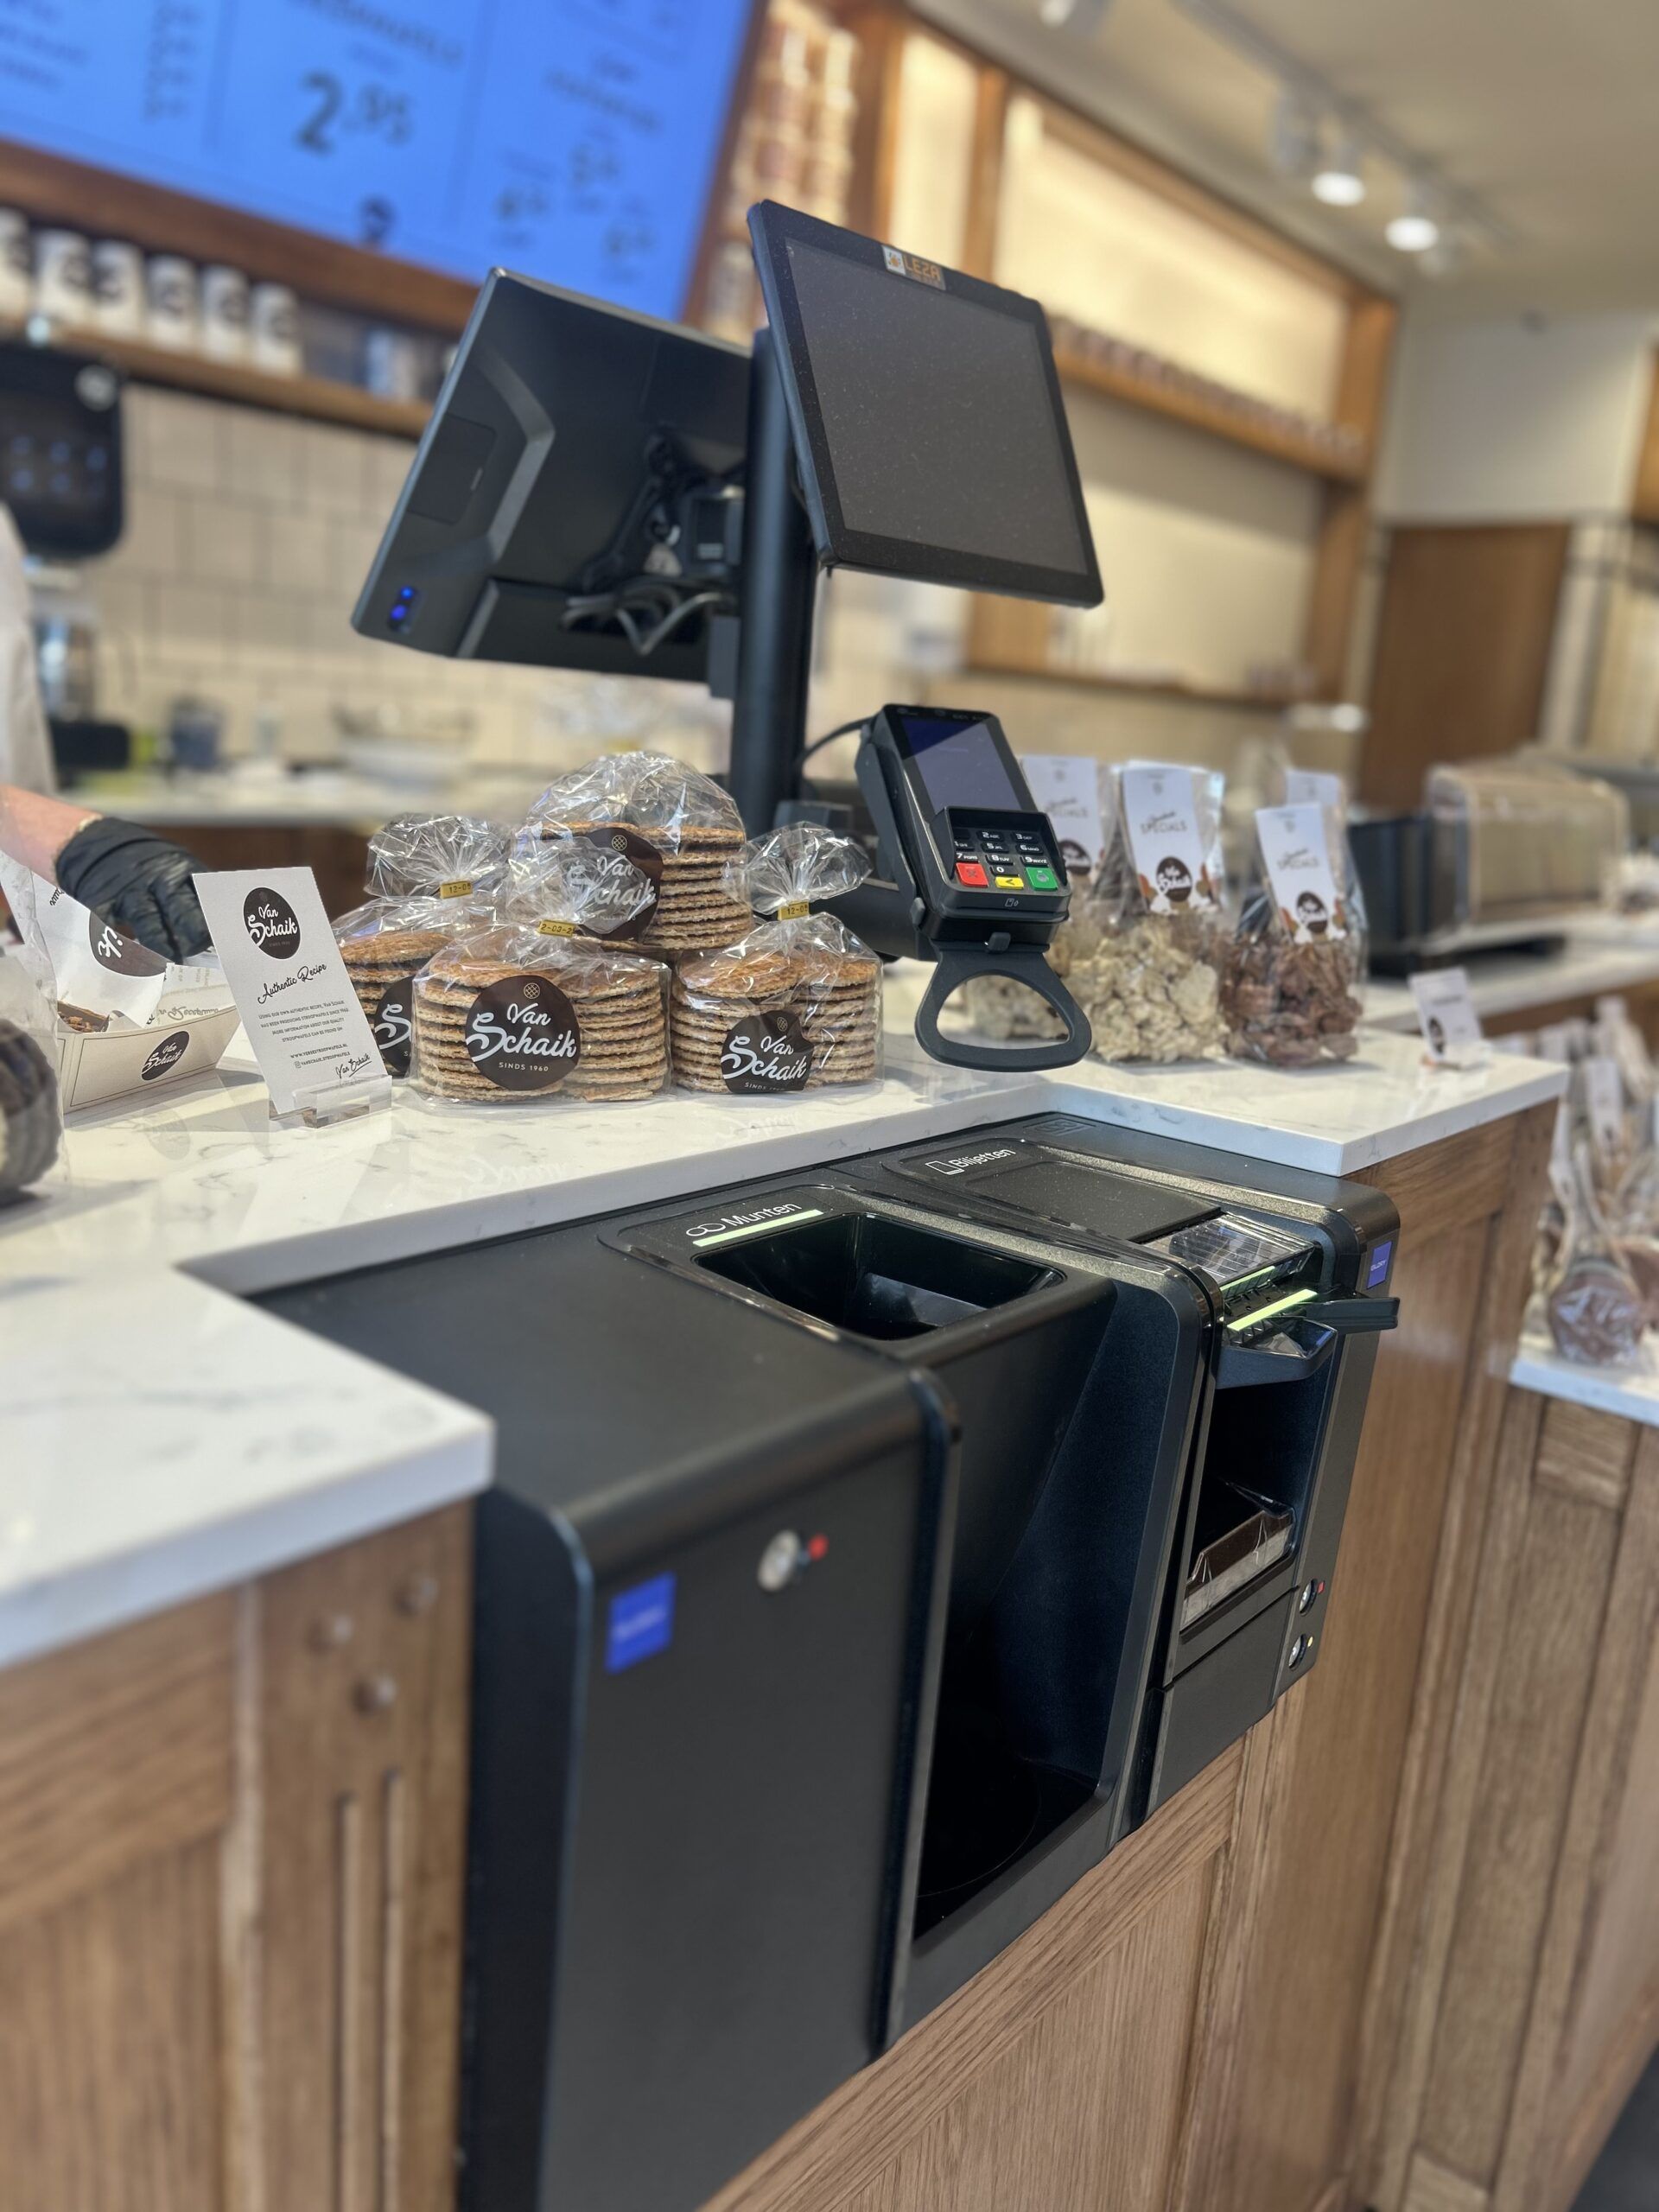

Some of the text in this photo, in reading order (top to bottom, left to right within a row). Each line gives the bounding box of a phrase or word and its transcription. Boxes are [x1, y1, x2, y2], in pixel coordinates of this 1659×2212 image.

[257, 904, 279, 919] Van
[247, 914, 298, 947] Schaik
[257, 963, 327, 1004] Authentic Recipe
[506, 1002, 552, 1027] Van
[466, 1012, 577, 1062] Schaik
[760, 1035, 794, 1055] Van
[499, 1062, 526, 1071] SINDS
[721, 1036, 807, 1080] Schaik
[948, 1148, 1017, 1169] Biljetten
[721, 1203, 803, 1227] Munten
■ ■ ■ ■ ■ ■ ■
> **WHAT THE TASK ASKS**
Each line in the records above should be reproduced exactly; images are not copied.

> **RESULT**
Some of the text in this photo, in reading order (top to bottom, left to right within a row). Each line gives the bounding box of a phrase or word and its transcription. Boxes are [x1, y1, x2, y2], in pixel coordinates of this 1659×2212 image.

[257, 904, 279, 919] Van
[247, 914, 298, 947] Schaik
[257, 963, 327, 1004] Authentic Recipe
[506, 1002, 552, 1027] Van
[466, 1012, 577, 1062] Schaik
[760, 1035, 794, 1055] Van
[499, 1062, 526, 1071] SINDS
[721, 1036, 807, 1080] Schaik
[948, 1148, 1017, 1169] Biljetten
[721, 1203, 803, 1227] Munten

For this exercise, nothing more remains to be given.